I'm trying to replace "[" and "]" characters in the string using javascript.
when I'm doing
newString = oldString.replace("[]", "");
then it works fine - but the problem is I have a lot of this characters in my string and I need to replace all of the occurrences.
But when I'm doing:
newString = oldString.replace(/[]/g, "");
or
newString = oldString.replace(/([])/g, "");
nothing is happens. I've also tried with HTML numbers like
newString = oldString.replace(/[]/g, "");
but it doesn't work neither. Any ideas how to make it?
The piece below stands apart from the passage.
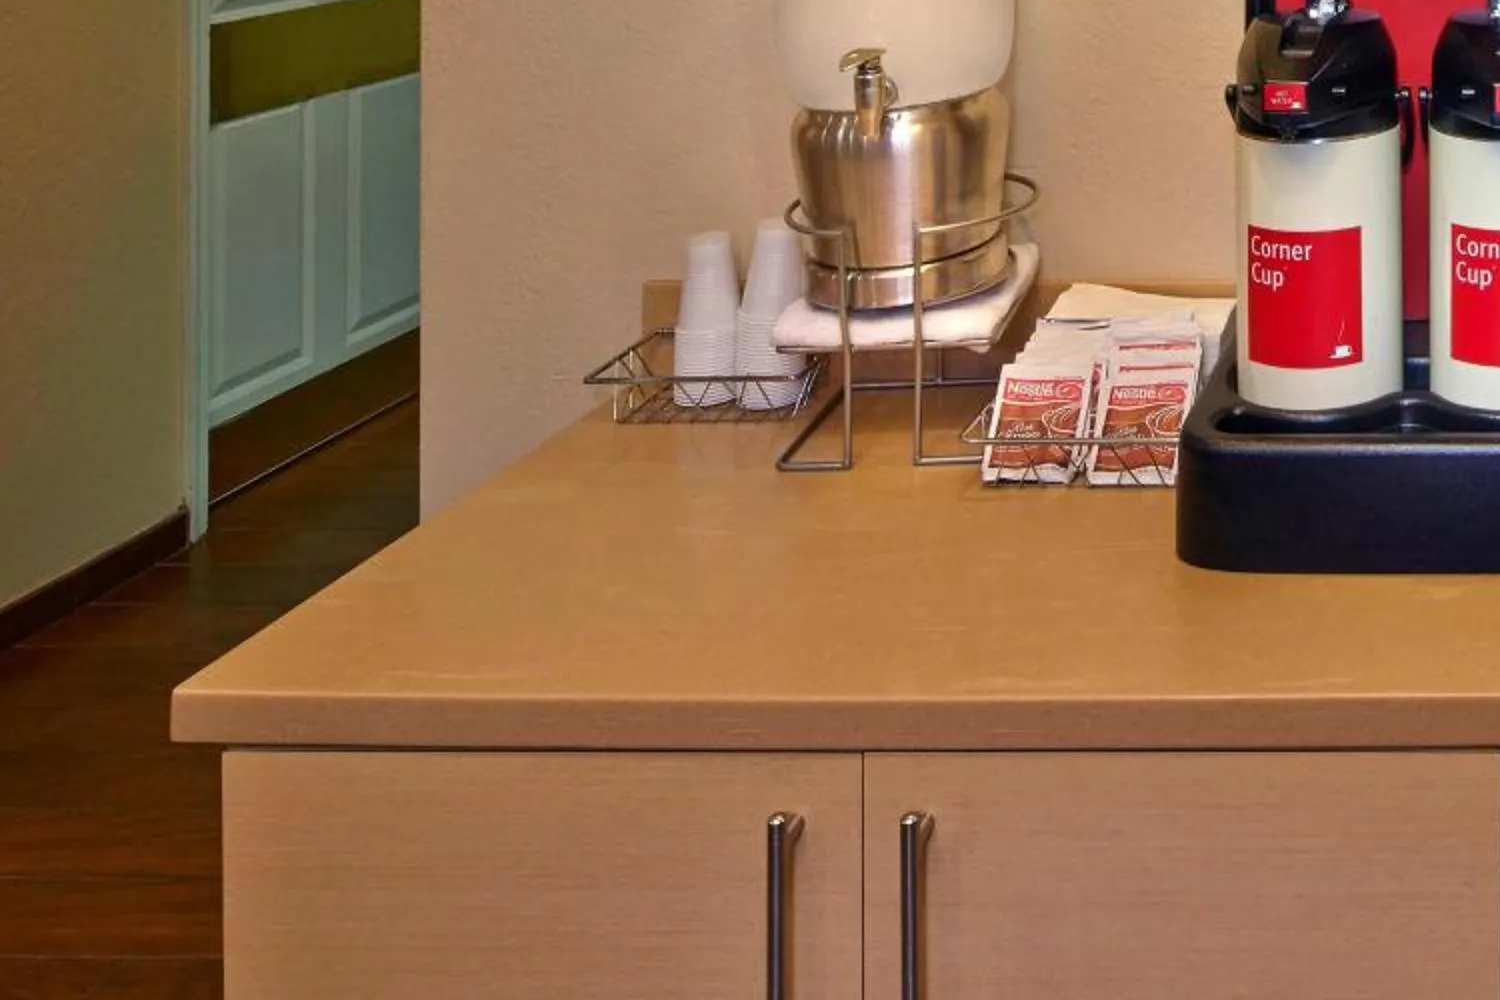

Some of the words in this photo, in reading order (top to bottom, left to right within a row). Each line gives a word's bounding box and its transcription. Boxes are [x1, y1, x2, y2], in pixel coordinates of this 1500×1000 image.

[1251, 235, 1313, 261] Corner
[1251, 262, 1284, 292] Cup
[1456, 261, 1493, 291] Cup
You either need to escape the opening square bracket, and add a pipe between them:
newString = oldString.replace(/\[|]/g, "");
Or you need to add them in a character class (square brackets) and escape them both:
newString = oldString.replace(/[\[\]]/g, "");
DEMO
"...there are 12 characters with special meanings: the backslash
\, the caret^, the dollar sign$, the period or dot., the vertical bar or pipe symbol|, the question mark?, the asterisk or star*, the plus sign+, the opening parenthesis(, the closing parenthesis), and the opening square bracket[, the opening curly brace{... If you want to use any of these characters as a literal in a regex, you need to escape them with a backslash."
[] in a regex is a character class. Since you haven't escaped, them you're saying a "find any of the following characters", and not providing any. Try /[\[\]]/ instead.
edit: @andy is right. forgot to put in a container [].